## WORK TASK
For every record that follows, transcribe the text exactly and leave any image out.

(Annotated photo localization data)
------------------------------------------------------------

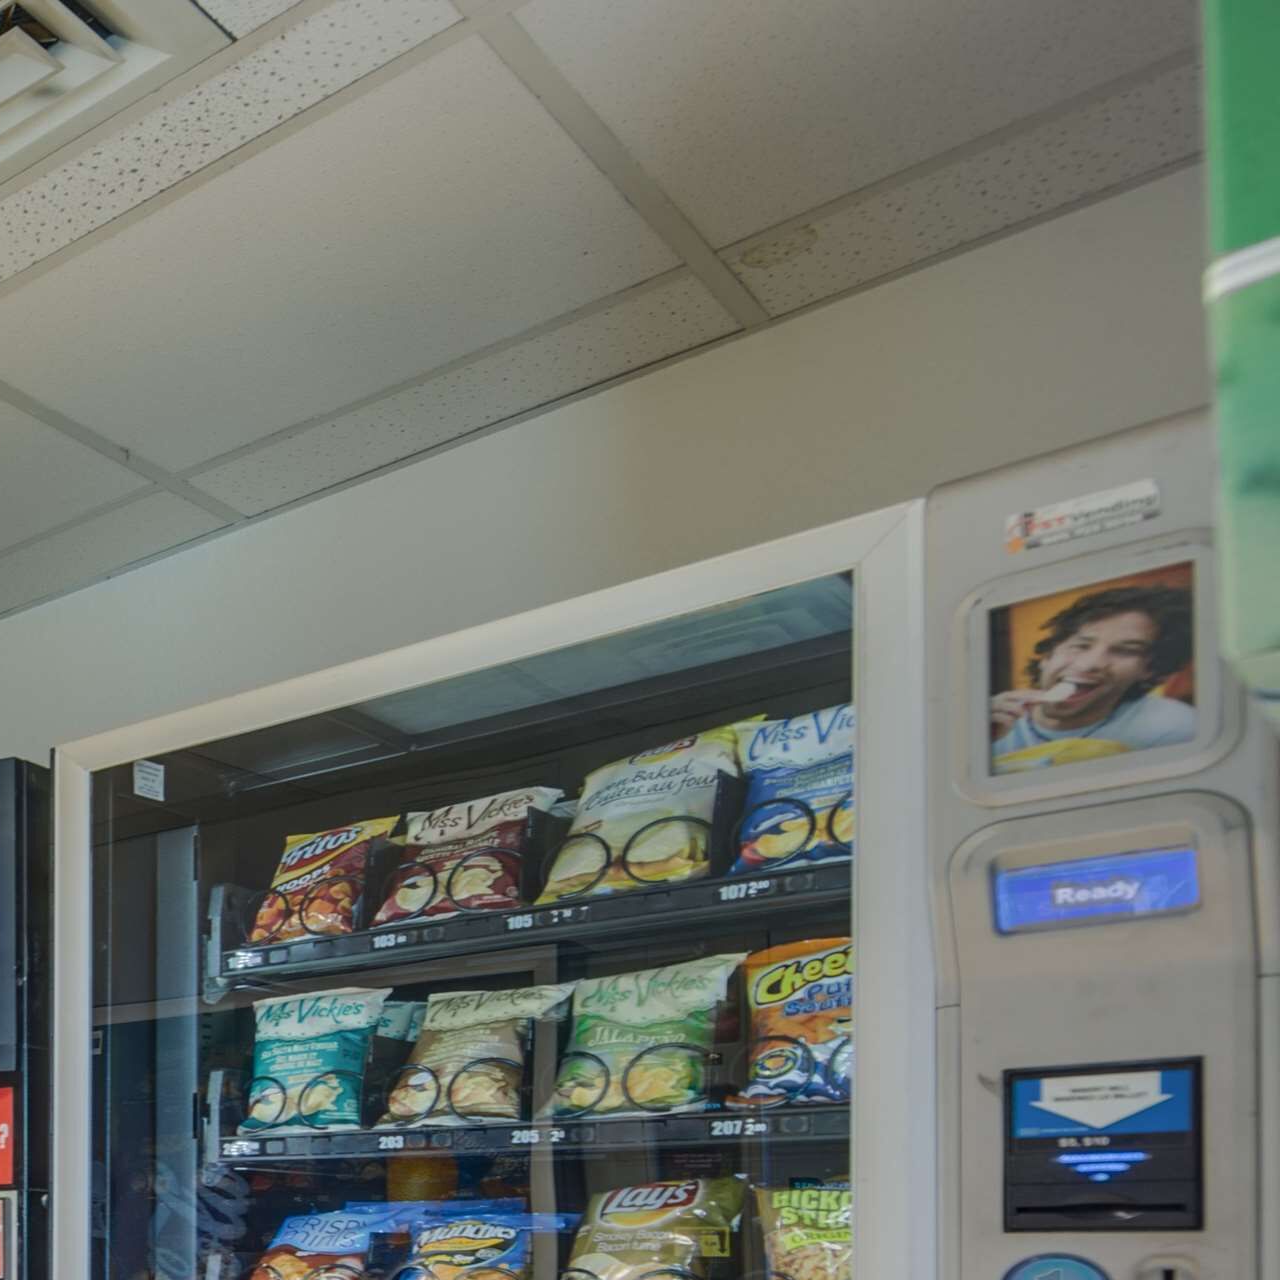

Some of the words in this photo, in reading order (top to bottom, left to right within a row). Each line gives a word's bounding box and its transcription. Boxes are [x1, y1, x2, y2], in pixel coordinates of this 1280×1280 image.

[812, 703, 855, 744] Vic
[1052, 876, 1140, 907] Ready
[711, 1121, 742, 1137] 207
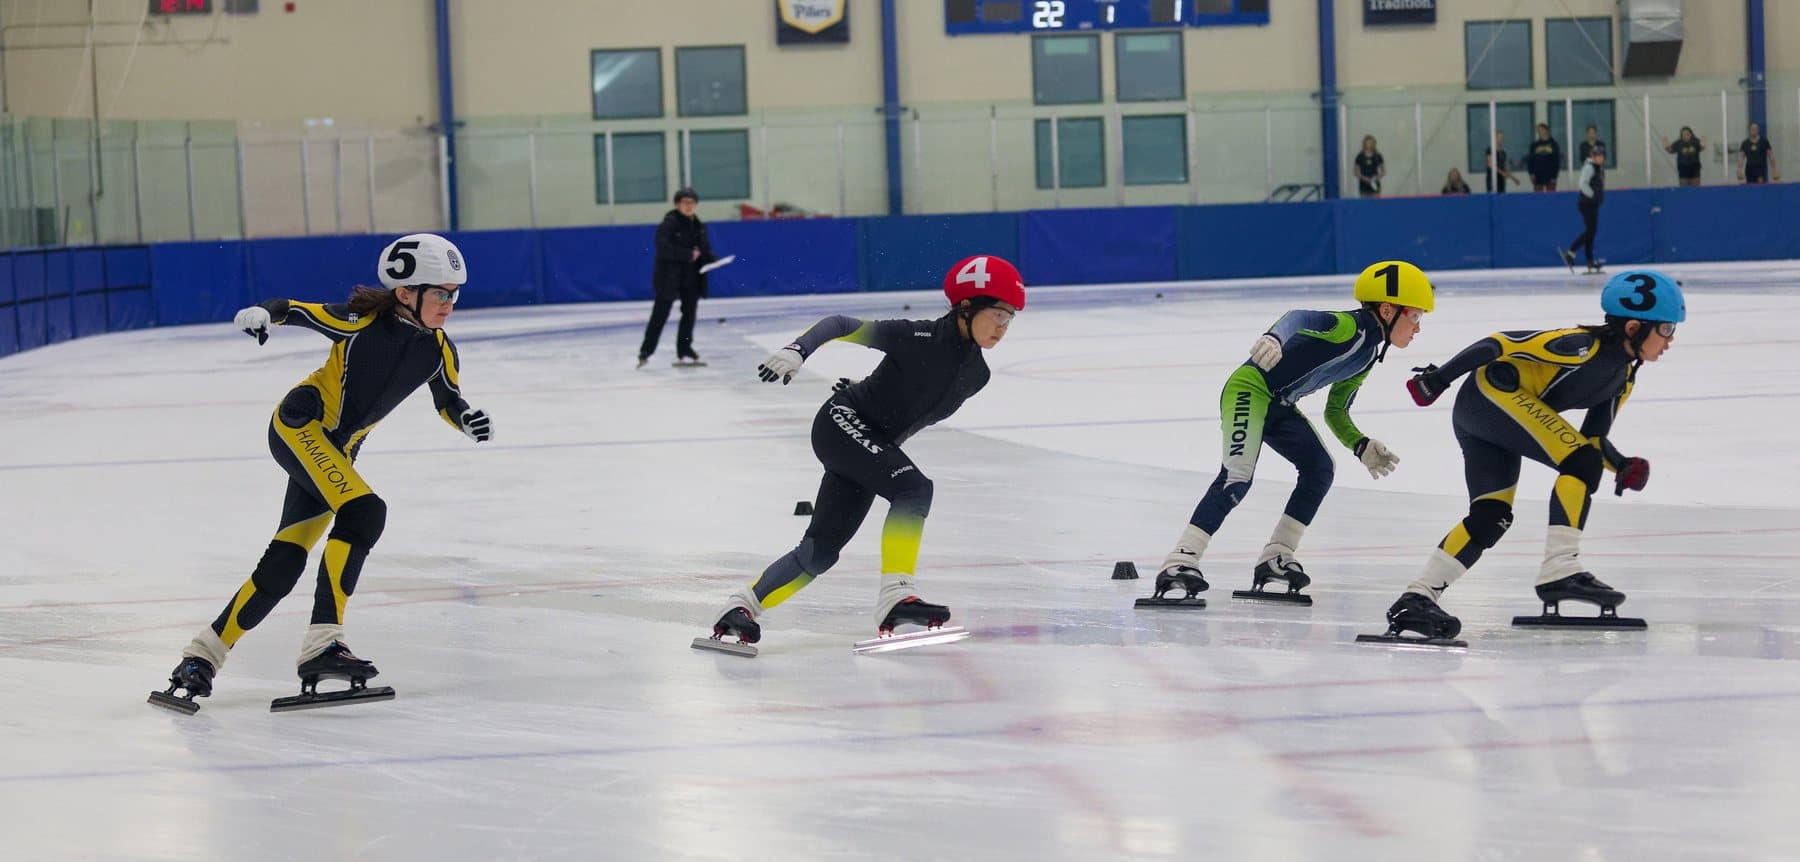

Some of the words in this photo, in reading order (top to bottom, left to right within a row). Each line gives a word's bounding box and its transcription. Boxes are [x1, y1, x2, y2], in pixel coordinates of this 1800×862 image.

[1033, 1, 1065, 28] 22
[1107, 5, 1115, 23] 1
[386, 241, 420, 280] 5
[956, 257, 991, 288] 4
[1374, 265, 1399, 297] 1
[1619, 274, 1657, 312] 3
[1229, 391, 1252, 457] MILTON
[296, 429, 353, 495] HAMILTON

------------------------------------------------------------

## TASK ANSWER
Some of the words in this photo, in reading order (top to bottom, left to right within a row). Each line gives a word's bounding box and its transcription. Boxes are [x1, y1, x2, y2], in pixel coordinates of this 1280×1280 image.

[812, 703, 855, 744] Vic
[1052, 876, 1140, 907] Ready
[711, 1121, 742, 1137] 207

Some of the words in this photo, in reading order (top to bottom, left to right within a row). Each line gives a word's bounding box and its transcription. Boxes are [x1, y1, x2, y2], in pixel coordinates of this 1800×862 image.

[1033, 1, 1065, 28] 22
[1107, 5, 1115, 23] 1
[386, 241, 420, 280] 5
[956, 257, 991, 288] 4
[1374, 265, 1399, 297] 1
[1619, 274, 1657, 312] 3
[1229, 391, 1252, 457] MILTON
[296, 429, 353, 495] HAMILTON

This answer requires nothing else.